The parent company behind WordPress, Automattic has been strategically scooping up hot web properties over the past couple years, from its acquiring Gravatar in 2007 to its purchasing Intense Debate, PollDaddy, and BuddyPress in 2008 and Blo.gs this year. Its latest buy is After the Deadline, a natural-language spell-checking plugin for WordPress and TinyMCE.
As Mullenweg wrote shortly after Automattic received nearly $30 million in series B funding, “Automattic is now positioned to execute on our vision of a better web not just in blogging, but expanding our investment in anti-spam, wikis, forums, and more – small, open source pieces, loosely joined with the same approach and philosophy that has brought us this far.”

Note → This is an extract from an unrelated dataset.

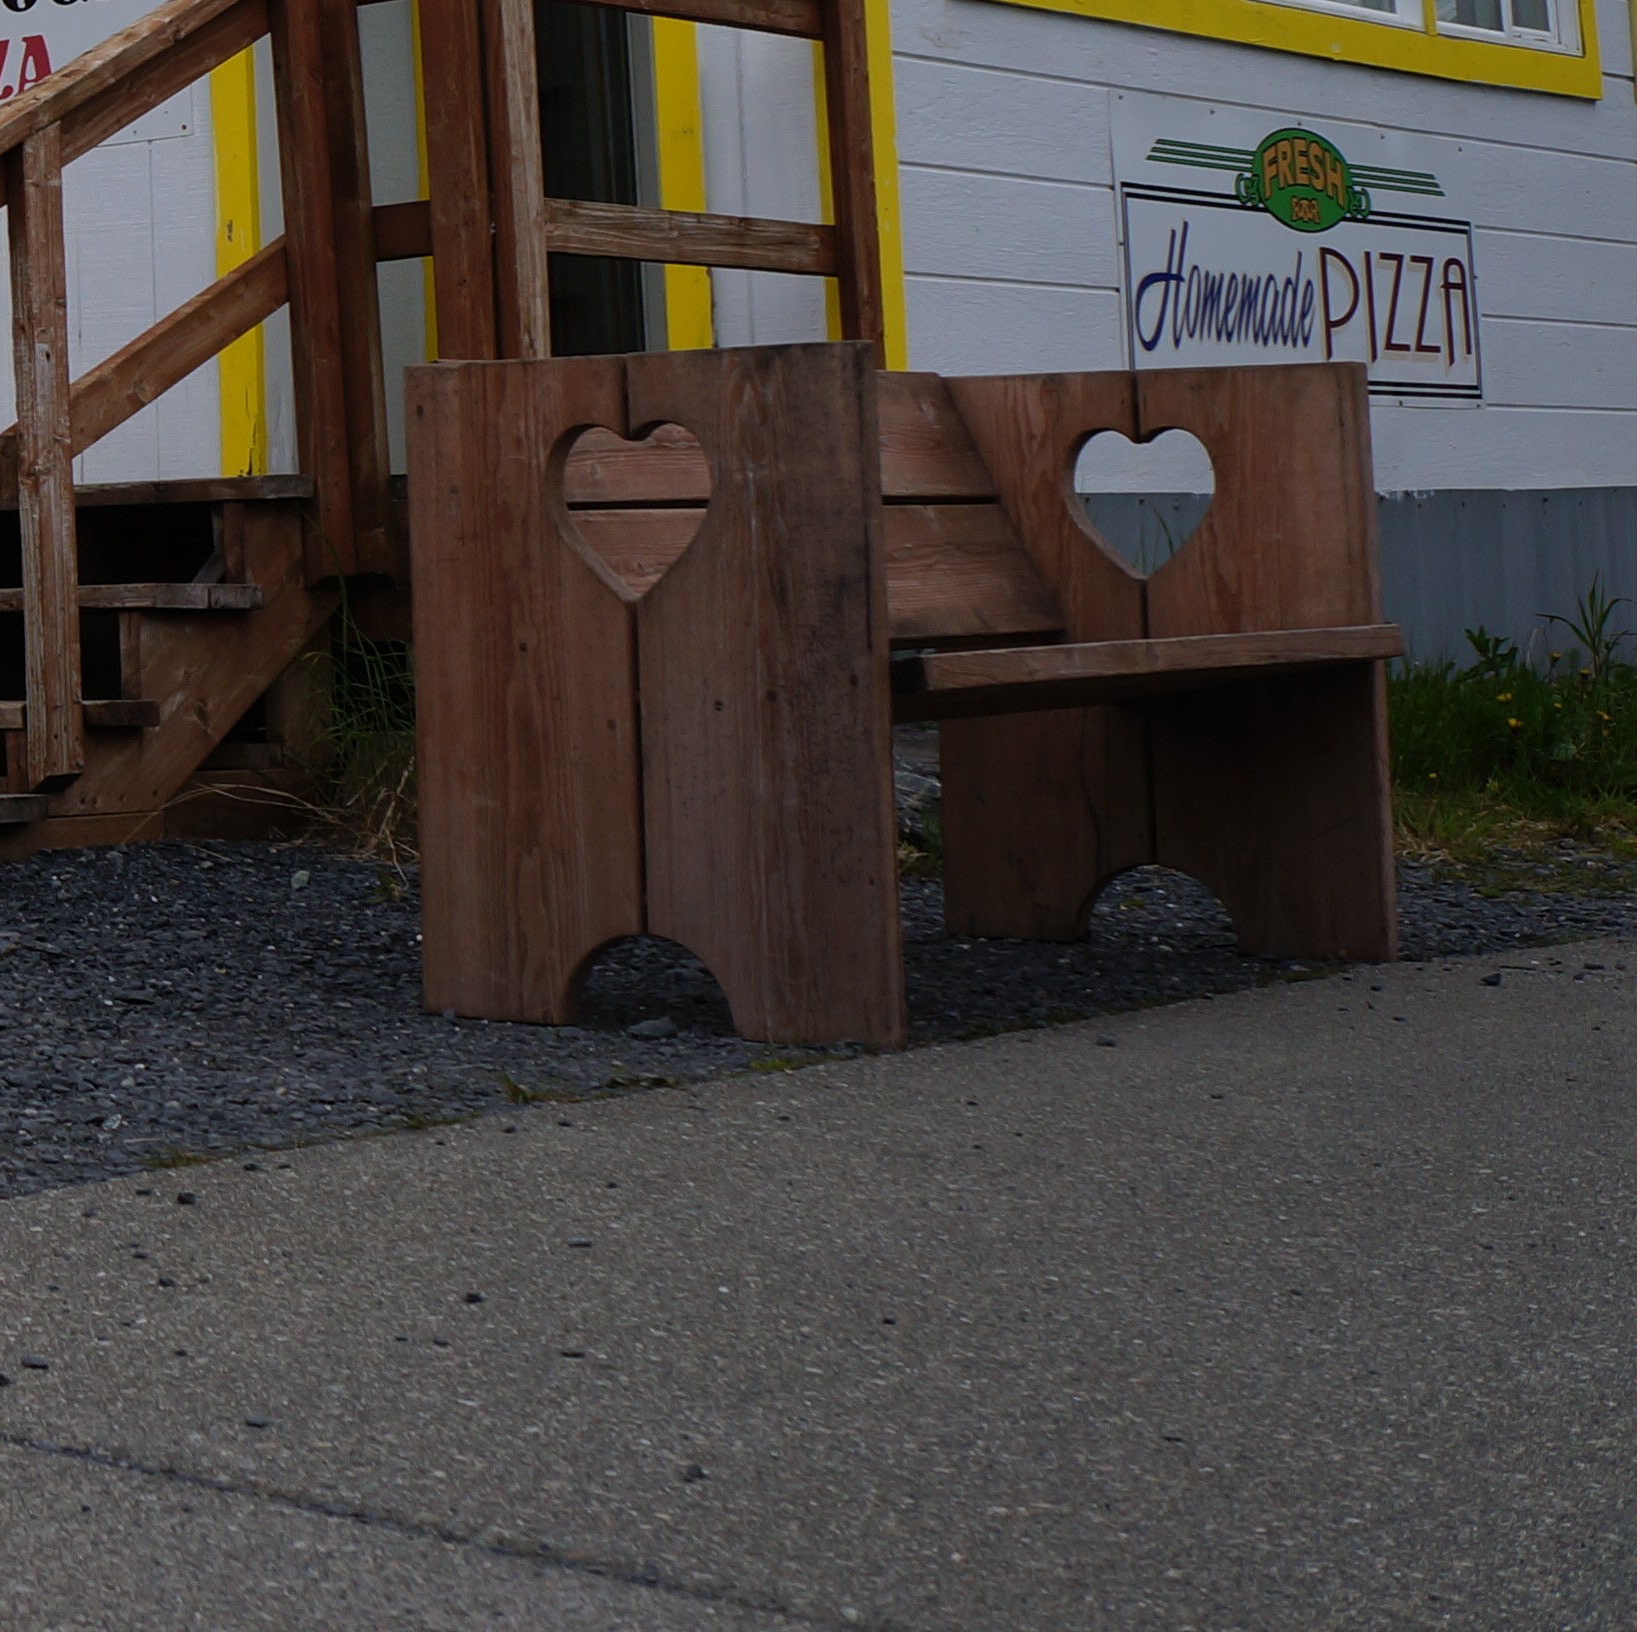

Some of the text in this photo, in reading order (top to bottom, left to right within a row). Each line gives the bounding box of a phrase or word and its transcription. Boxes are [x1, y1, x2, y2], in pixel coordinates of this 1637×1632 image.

[1262, 137, 1346, 210] FRESH
[1135, 221, 1473, 367] Homemade PIZZA

After the Deadline is precisely such a property and continues the Automattic tradition of finding – and sometimes buying – elegant, hard-won solutions to very complex problems. A spring 2009 Y-Combinator reject, the application was developed by newbie entrepreneur Raphael Mudge, who had experience working in the U.S. Air Force Research Lab. Both Mudge and Mullenweg noted that contact was initiated by the blog software magnate read a post and a comment Mudge submitted about After the Deadline to Hacker News.
Mudge plans to continue his natural language processing research and expand support to other languages. After the Deadline will remain free (as in beer) for non-commercial use, and, writes Mudge, “We hope to see others build on the service… We’re planning to open source the After the Deadline engine and the rule-sets that go with it. This will be the most comprehensive proofreading suite available under an open source license”
The deal was done in July 2009, according to Mudge’s post.